*** Material for this exercise ***

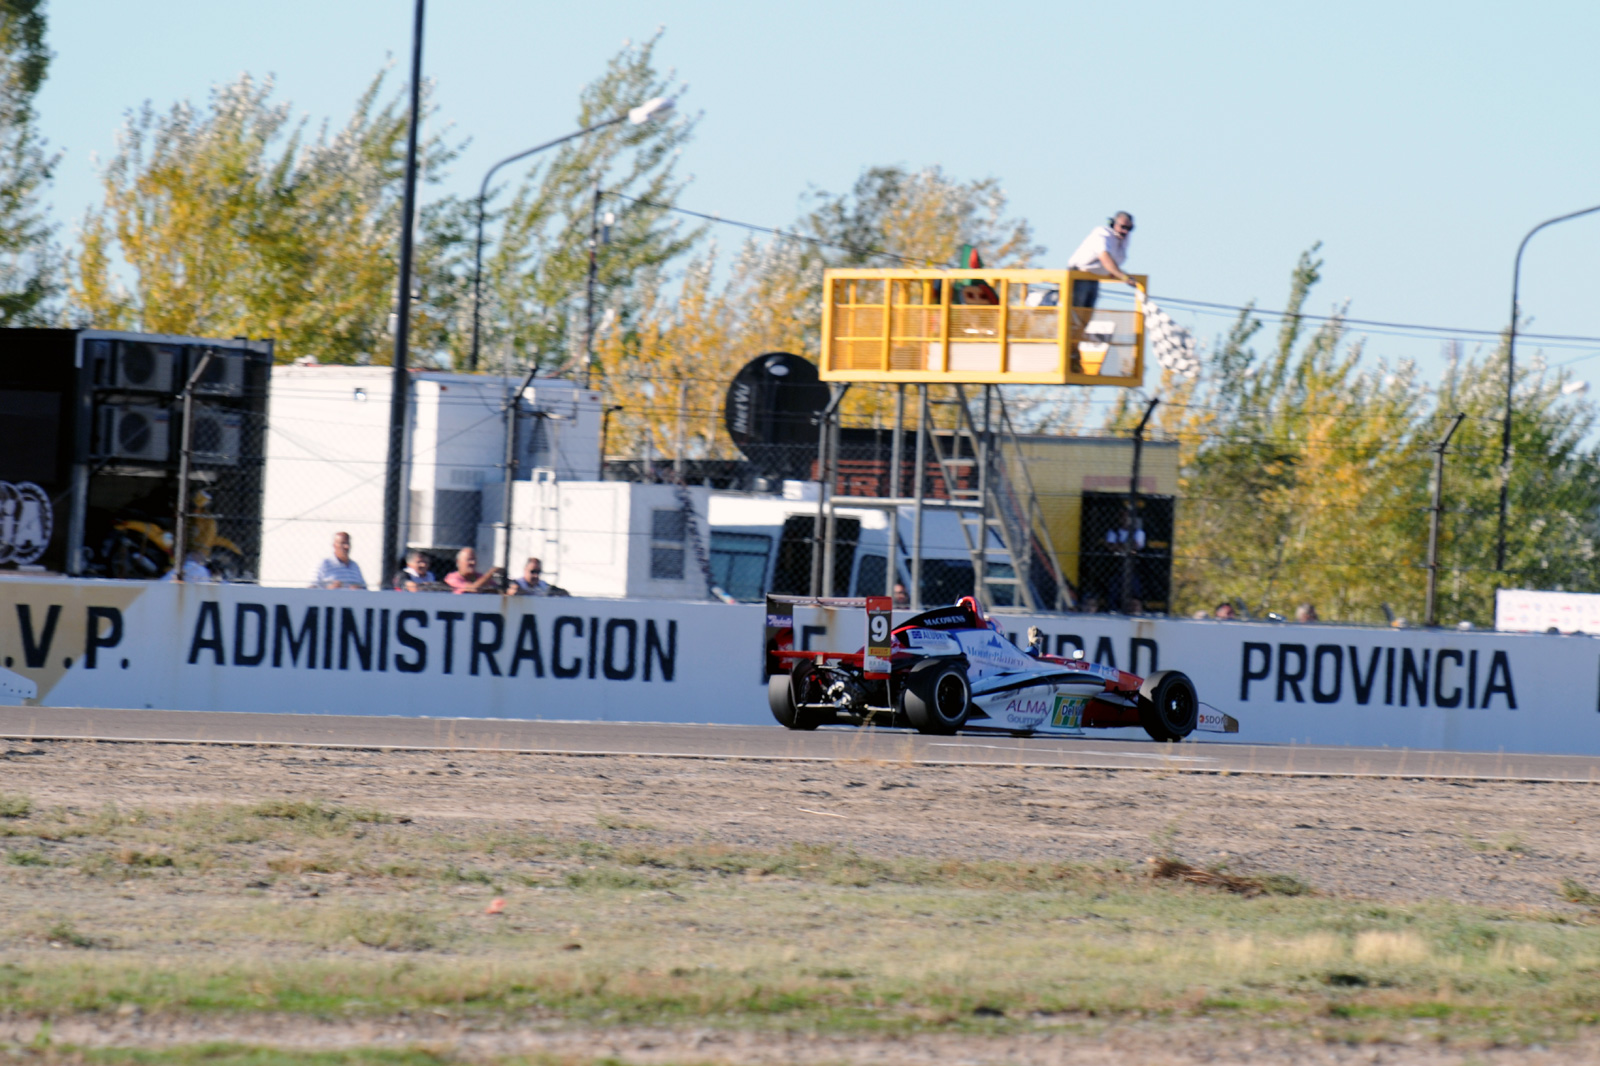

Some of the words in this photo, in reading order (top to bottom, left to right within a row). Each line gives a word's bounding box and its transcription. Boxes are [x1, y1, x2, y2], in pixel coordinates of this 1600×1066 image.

[870, 615, 889, 643] 9
[187, 601, 676, 681] ADMINISTRACION
[1239, 642, 1518, 710] PROVINCIA
[1005, 699, 1049, 716] ALMA
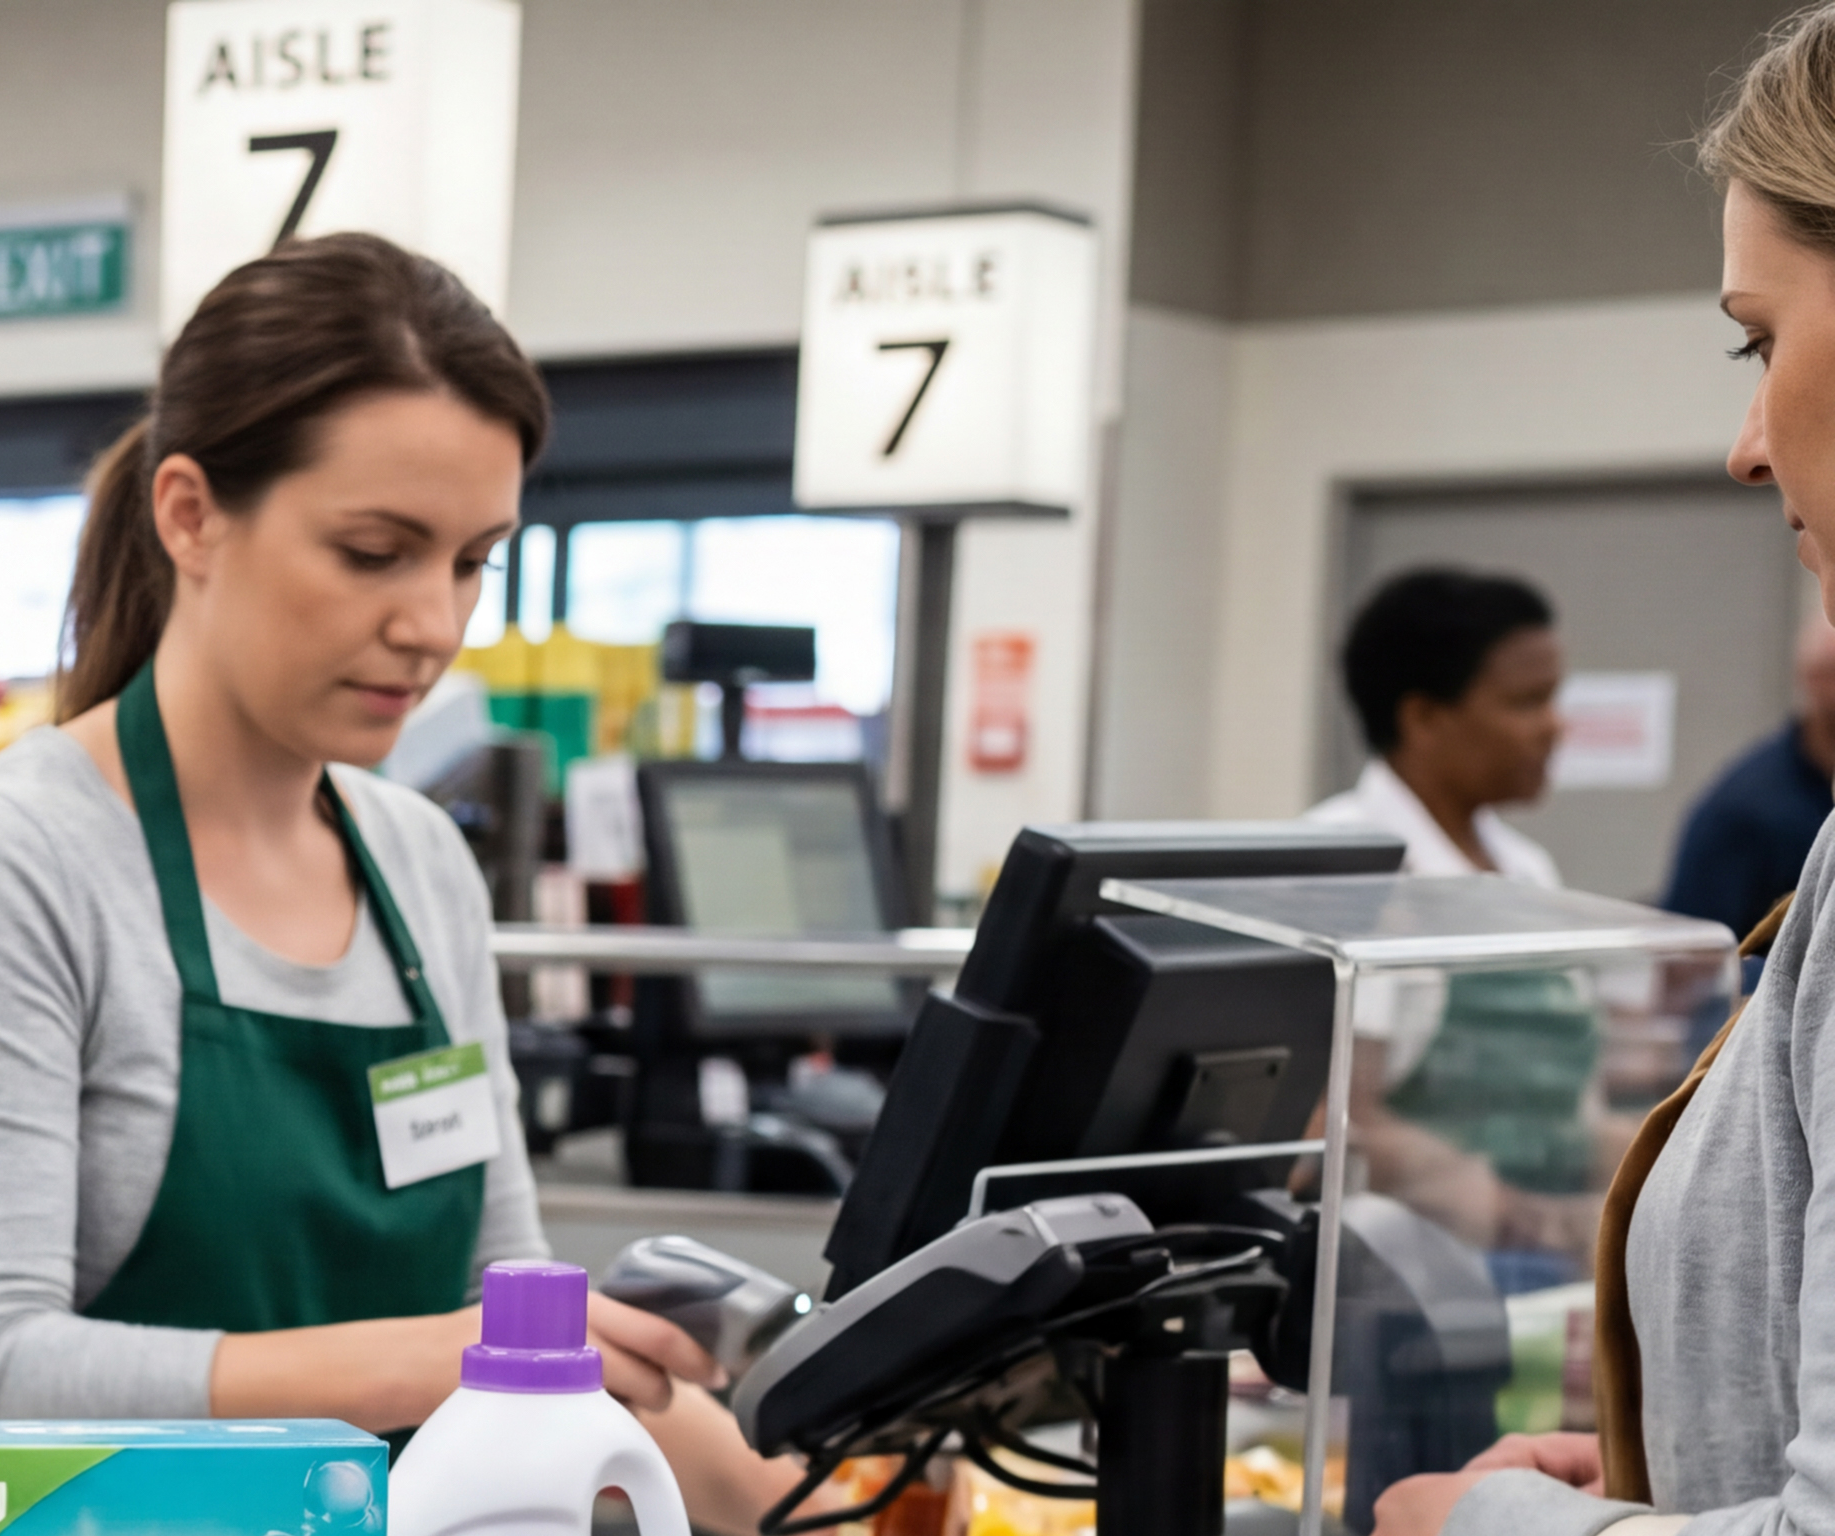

*** End of Material for this exercise ***

Reprint all the data above verbatim, excluding pictures.

Some of the words in this photo, in reading order (top to bottom, left to right within a row). Each line gives a word's bounding box and its transcription. Boxes are [x1, y1, x2, y2], in pixel coordinates of this 1600×1066 image.

[870, 615, 889, 643] 9
[187, 601, 676, 681] ADMINISTRACION
[1239, 642, 1518, 710] PROVINCIA
[1005, 699, 1049, 716] ALMA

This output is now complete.